# cadCAD Tutorials: The Robot and the Marbles, part 1

# What is cadCAD?
cadCAD is a Python library for running simulations of complex systems.  
cadCAD can simulate any system that can be described as state variables that evolve over time according to a set of equations.  
If those equations are not deterministic (ie. if there's some random component to them), cadCAD can run Monte Carlo simulations of the system.

# Using cadCAD
This Jupyter Notebook will go over some of the basic concepts of cadCAD and the 'language' in which a system must be described in order for it to be interpretable by the library. We'll cover the following concepts:
* State Variables
* Timestep
* State Update Functions
* Partial State Update Blocks
* Simulation Configuration Parameters

To help illustrate, we'll refer to a simple example system

__The robot and the marbles__  
* Picture a box (`box_A`) with ten marbles in it; an empty box (`box_B`) next to the first one; and a robot arm capable of taking a marble from any one of the boxes and dropping it into the other one. 
* The robot is programmed to take one marble at a time from the box containing the largest number of marbles and drop it in the other box. It repeats that process until the boxes contain an equal number of marbles.
* For the purposes of our analysis of this system, suppose we are only interested in monitoring the number of marbles in each box.

# State Variables
A state variable is one of the set of variables that are used to describe the mathematical "state" of a dynamical system. cadCAD can handle state variables of any Python data type. It is up to the user of cadCAD to determine the state variables needed to sufficiently accurately describe the system they are interested in.

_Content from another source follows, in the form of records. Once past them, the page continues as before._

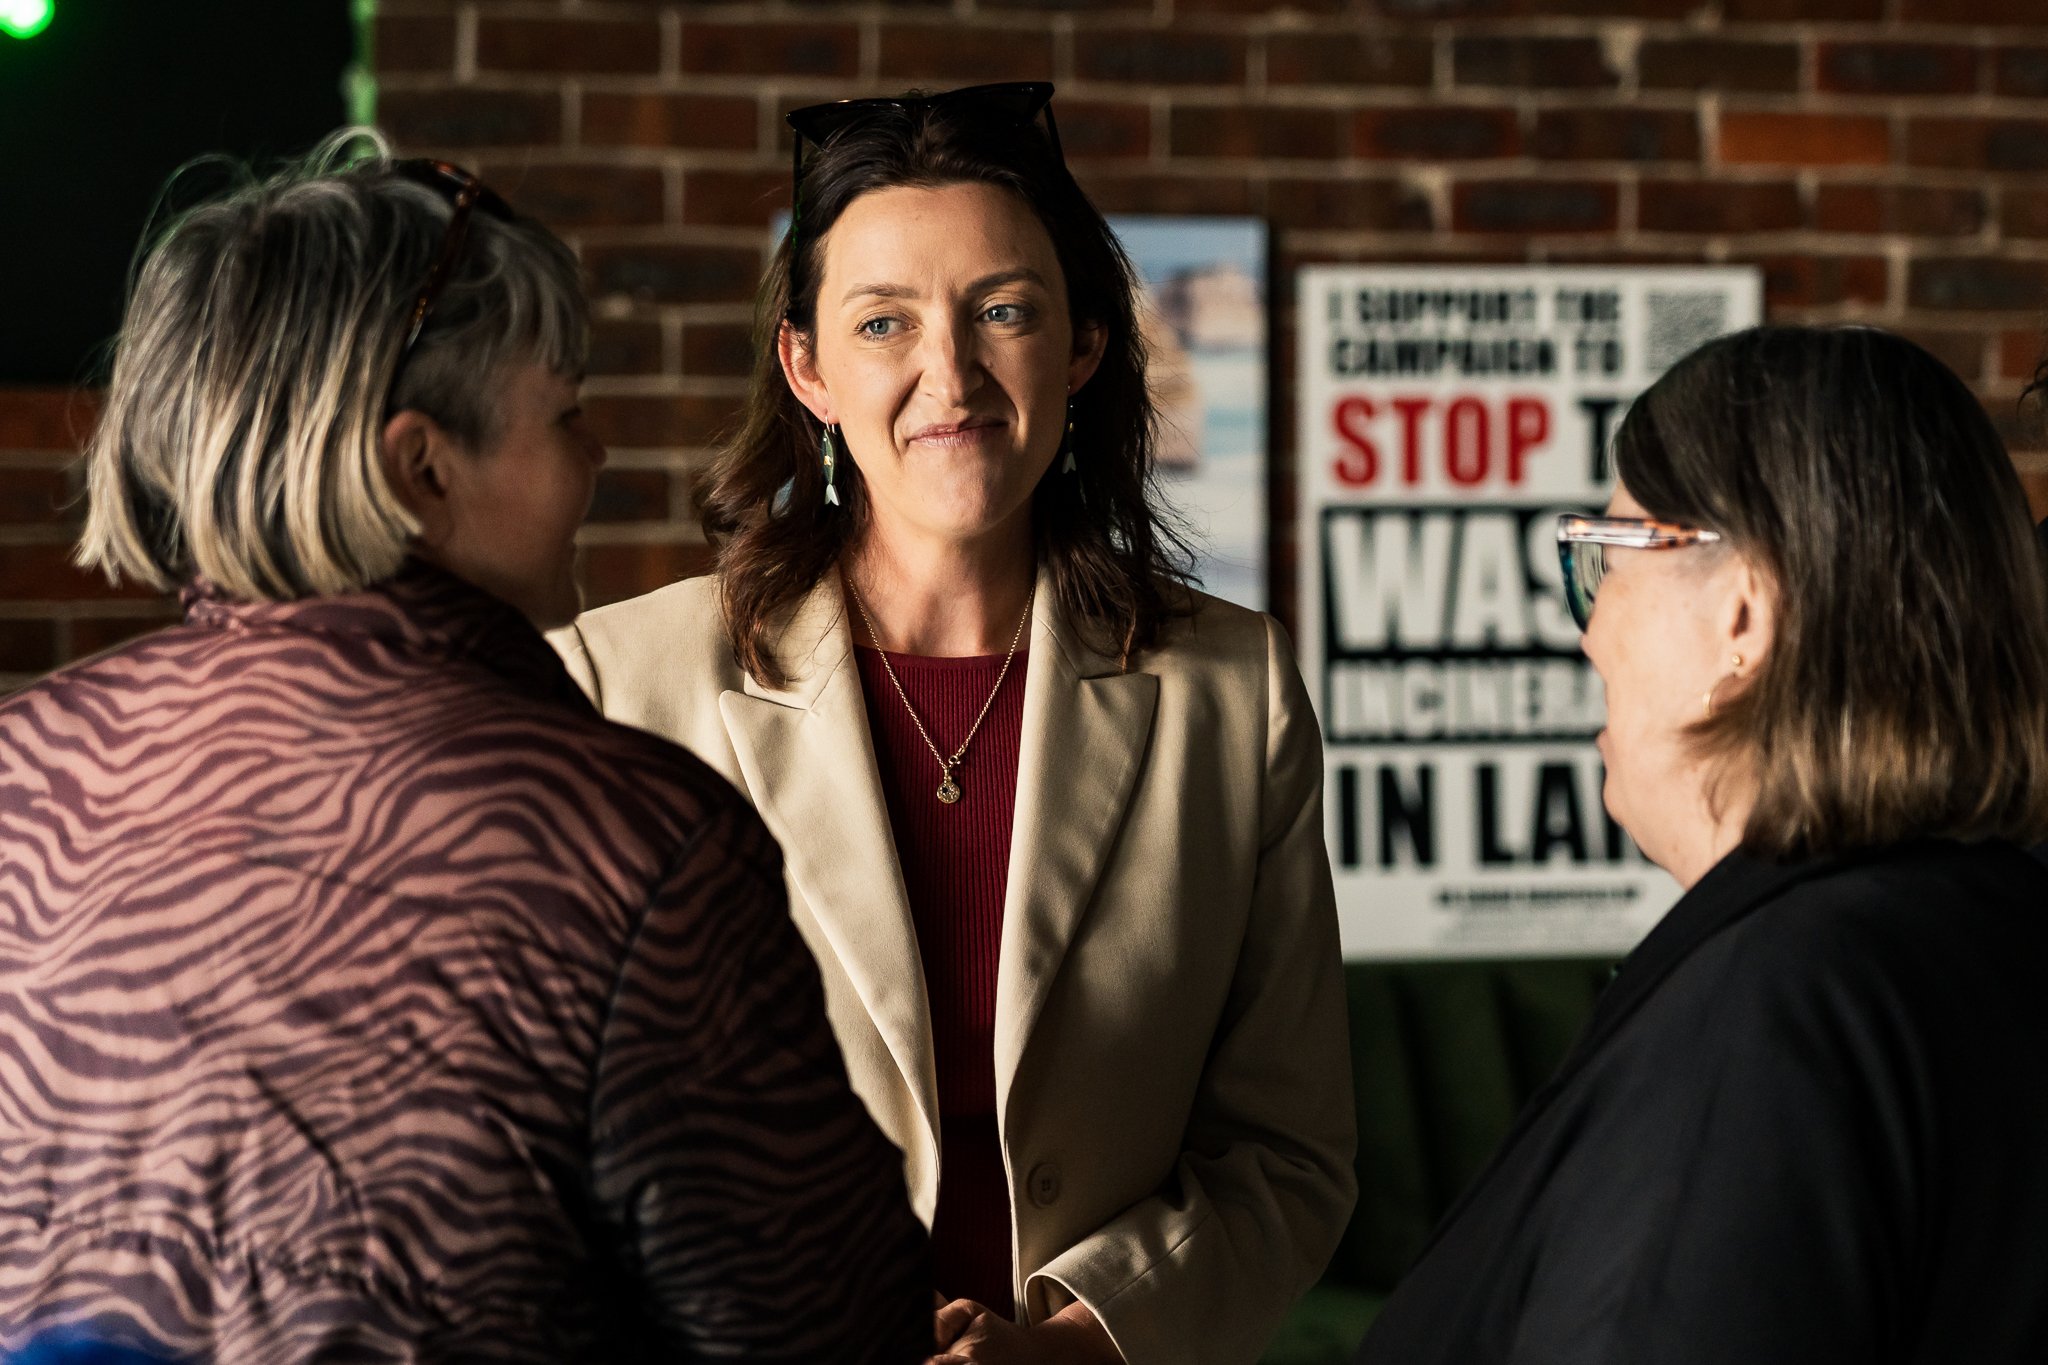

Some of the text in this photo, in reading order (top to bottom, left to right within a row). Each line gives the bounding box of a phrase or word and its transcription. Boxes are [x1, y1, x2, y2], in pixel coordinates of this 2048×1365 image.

[1358, 287, 1537, 321] SUPPORT
[1555, 287, 1621, 321] THE
[1329, 339, 1624, 374] CAMPAIGN TO
[1331, 396, 1622, 486] STOP T
[1337, 764, 1435, 870] IN

We can describe the simple system in our example with only two state variables: the number of marbles in `box_A` and in `box_B`. These are not the only two variables that describe the system, of course. Things like the position of the robot arm in space or its temperature also qualify as "variables that describe the state of the system". But, as per the description of the example, we are not interested in monitoring those variables.  

cadCAD expects state variables to be passed to it as a Python `dict` where the `dict_keys` are the __names of the 
variables__ and the `dict_values` are their __initial values__.

In [None]:
# # # # # # # # # # # # # # # # # # # # # # # # # # # # # # # # # # # # # # # # # # # # # # # # 
# List of all the state variables in the system and their initial values
initial_conditions = {
    'box_A': 10, # as per the description of the example, box_A starts out with 10 marbles in it
    'box_B': 0 # as per the description of the example, box_B starts out empty
}
# # # # # # # # # # # # # # # # # # # # # # # # # # # # # # # # # # # # # # # # # # # # # # # # 

# Timestep
Computer simulations run in discrete time:
>Discrete time views values of variables as occurring at distinct, separate "points in time", or equivalently as being unchanged throughout each non-zero region of time ("time period")—that is, time is viewed as a discrete variable. Thus a non-time variable jumps from one value to another as time moves from one time period to the next. This view of time corresponds to a digital clock that gives a fixed reading of 10:37 for a while, and then jumps to a new fixed reading of 10:38, etc. [_(source: Wikipedia)_](https://en.wikipedia.org/wiki/Discrete_time_and_continuous_time)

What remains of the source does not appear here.